Rates of alcoholism, arrests for public intoxication and deaths related to alcoholism under Prohibition in the United States were several times higher than either before or after.

One factor in this, however, was the quality of alcohol being consumed. The drinks in a speakeasy frequently contained various poisons ranging from methyl alcohol to organophosphates to carbolic acid. Thankfully the US Government has largely seen the wisdom of not poisoning its citizens.

My understanding of drug treatment programs is that you may pay for them or face worse consequences. I was not raised to believe that justice should be so purchased.

On the subject of young people: pot dealers do not check IDs. Medical science indicates that marijuana interferes with pre-adult brain development. No one is proposing that marijuana be made more available to young people, or more generally that making it more widely available carries much innate benefit. The push for reform is simply an observance that, as with our other Prohibition, the cure is worse than the disease.

EDIT: Just to point out, possession of marijuana has been legal in Alaska for decades. For the most part, nobody cares.

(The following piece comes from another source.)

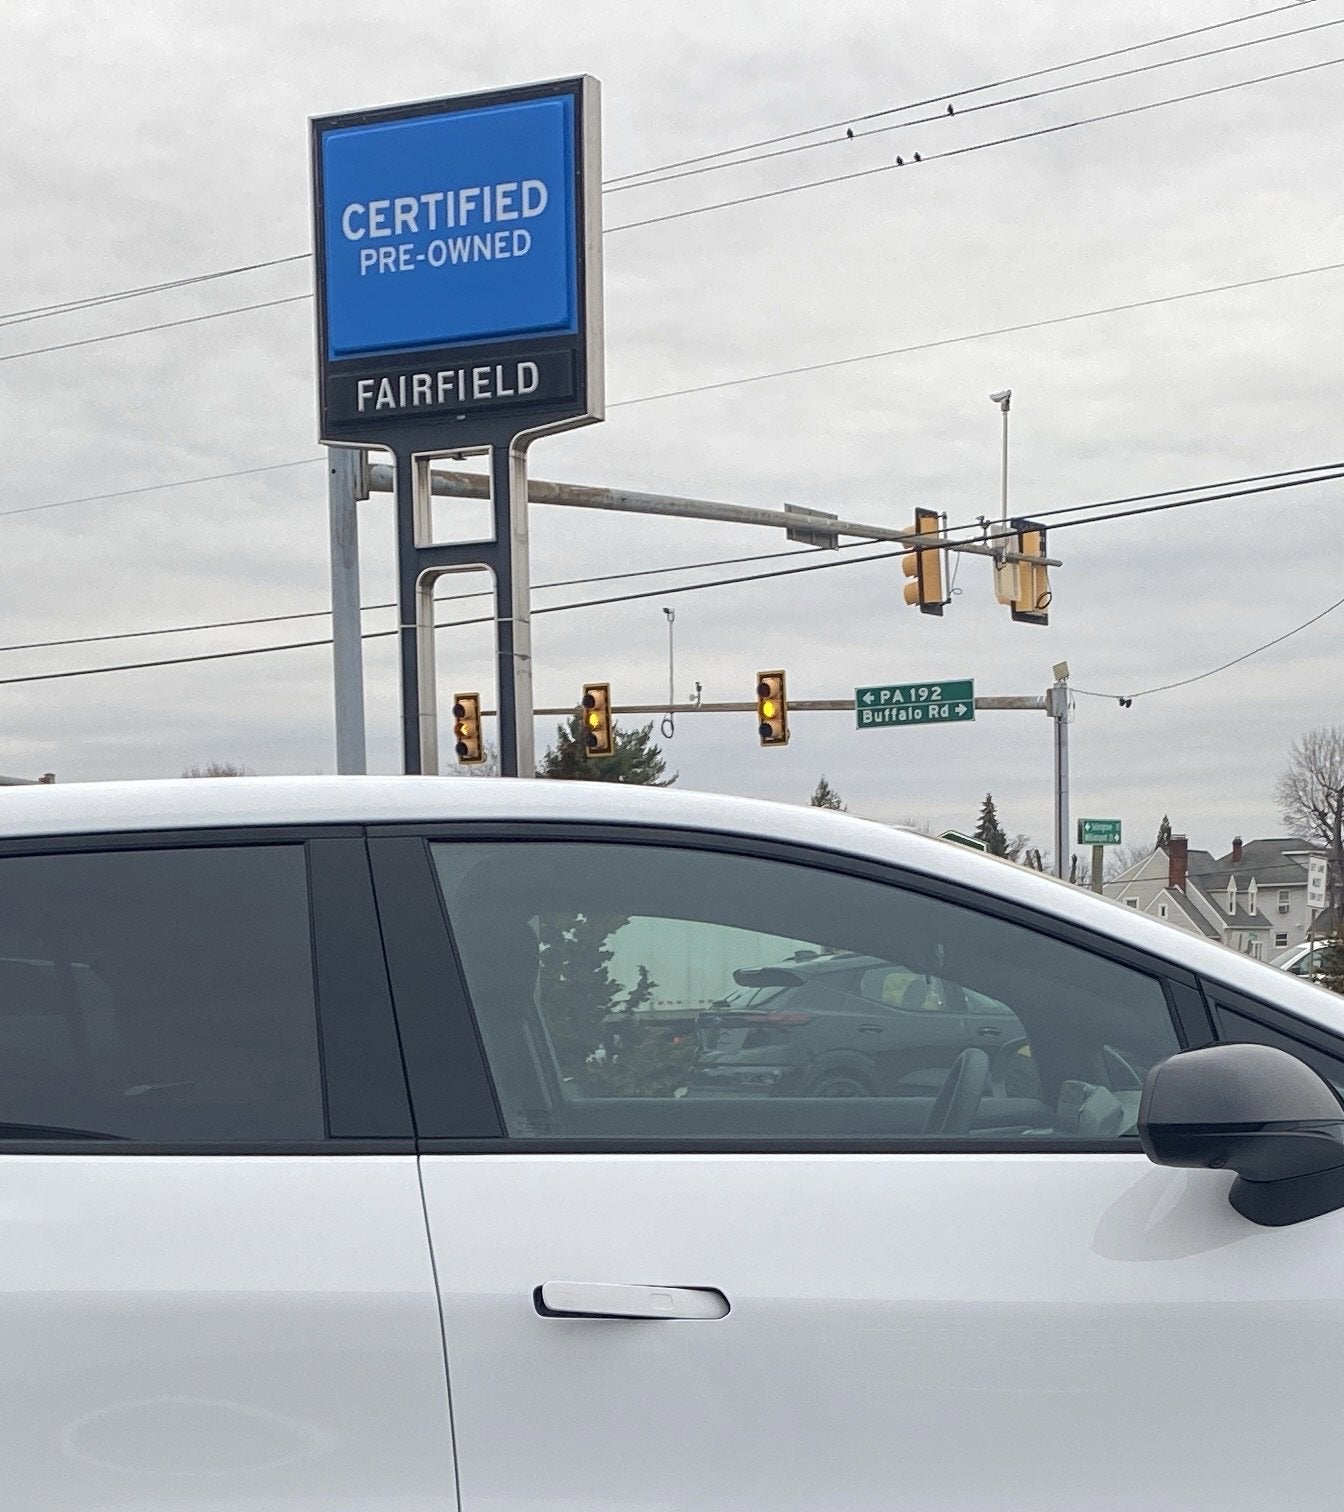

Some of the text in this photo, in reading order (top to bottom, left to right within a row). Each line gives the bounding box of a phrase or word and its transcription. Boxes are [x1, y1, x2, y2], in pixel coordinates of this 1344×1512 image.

Some people smoke, some don't, nobody does it in public.


Rates of alcoholism, arrests for public intoxication and deaths related to alcoholism under Prohibition in the United States were several times higher than either before or after.

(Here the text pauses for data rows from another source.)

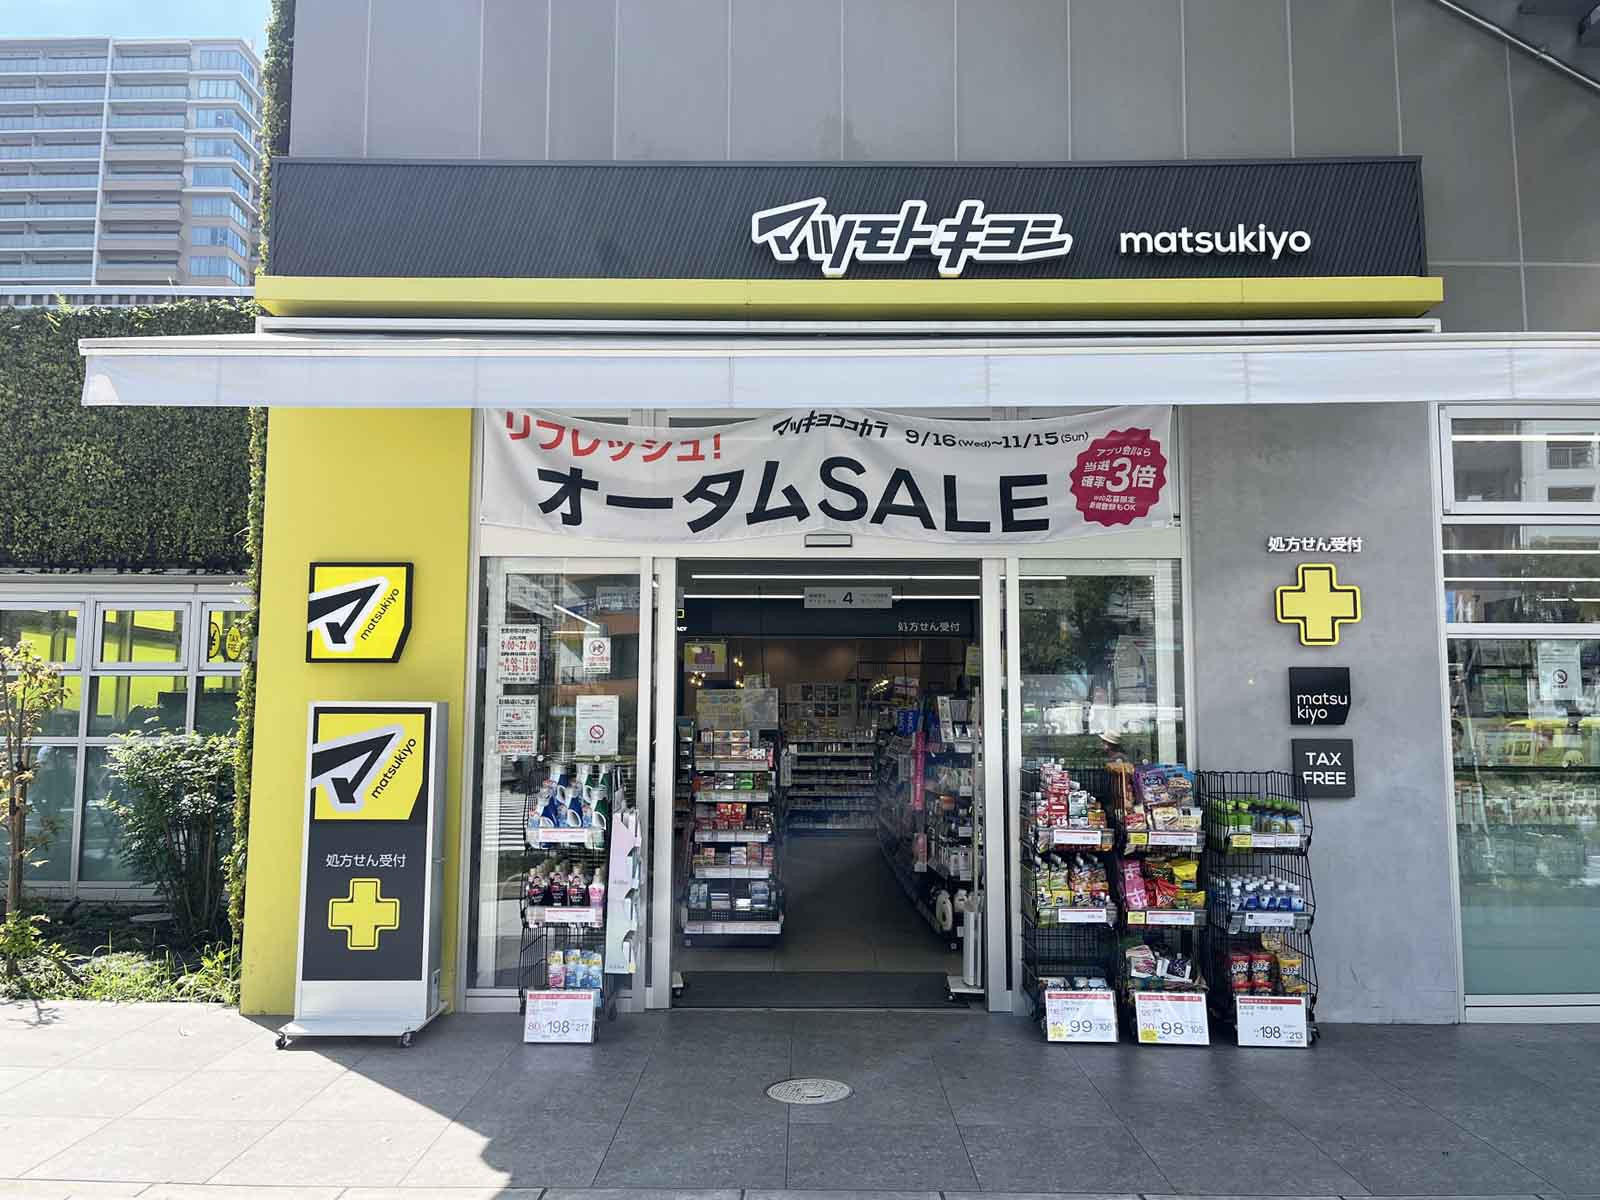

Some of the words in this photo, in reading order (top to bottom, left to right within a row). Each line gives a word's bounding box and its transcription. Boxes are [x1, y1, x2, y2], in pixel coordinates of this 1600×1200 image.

[752, 197, 1073, 277] マツモトキヨシ
[1119, 223, 1311, 260] matsukiyo
[1267, 536, 1363, 553] 処方せん受付
[842, 591, 854, 605] 4
[360, 587, 400, 641] matsukiyo
[897, 621, 961, 633] 処方せん受付
[1297, 692, 1348, 705] matsu
[1297, 705, 1328, 725] kiyo
[1305, 752, 1342, 766] TAX
[371, 736, 418, 800] matsukiyo
[1303, 772, 1347, 785] FREE
[325, 853, 407, 868] 処方せん受付
[547, 1020, 570, 1034] 198
[1070, 1020, 1092, 1033] 99
[1160, 1021, 1184, 1035] 98
[1259, 1025, 1282, 1039] 198
[1288, 1031, 1304, 1040] 213

Evidence for this? I've seen contrary statements from a very eminent criminologist on the deaths from alchohol, at least. What is the best source for statistics on such issues?

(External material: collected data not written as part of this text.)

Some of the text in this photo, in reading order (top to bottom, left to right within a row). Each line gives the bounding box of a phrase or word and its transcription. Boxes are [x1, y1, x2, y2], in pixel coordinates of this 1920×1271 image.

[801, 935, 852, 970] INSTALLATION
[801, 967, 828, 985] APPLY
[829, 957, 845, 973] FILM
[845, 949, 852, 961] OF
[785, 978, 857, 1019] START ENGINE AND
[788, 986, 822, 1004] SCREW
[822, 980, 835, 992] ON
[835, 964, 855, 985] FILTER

My source was The Poisoner's Handbook, which suggests that deaths were not tracked well or at all in most of the US. The book gives statistics for New York City but a cursory examination of its sources does not seem to list where those statistics were obtained from. The best source for statistics likely doesn't exist, but likely bets would include hospital records and any statistics published by whatever coroner/medical examiner's offices you can find.

One source [0] seems to suggest that deaths were lower but rising. Deaths from poisoned alcohol tripled between 1920 and 1925.[1] The author of the latter paper (Mark Thorton) has written extensively on the subject, his book The Economics of Prohibition may be informative.

[0] http://druglibrary.org/prohibitionresults1.htm [1] https://www.cato.org/pubs/pas/pa-157.html


"Do we have strong evidence from before-and-after policy comparisons in other countries that use of marijuana declines if use of marijuana is responded to by administrative sanctions rather than criminal penalties?"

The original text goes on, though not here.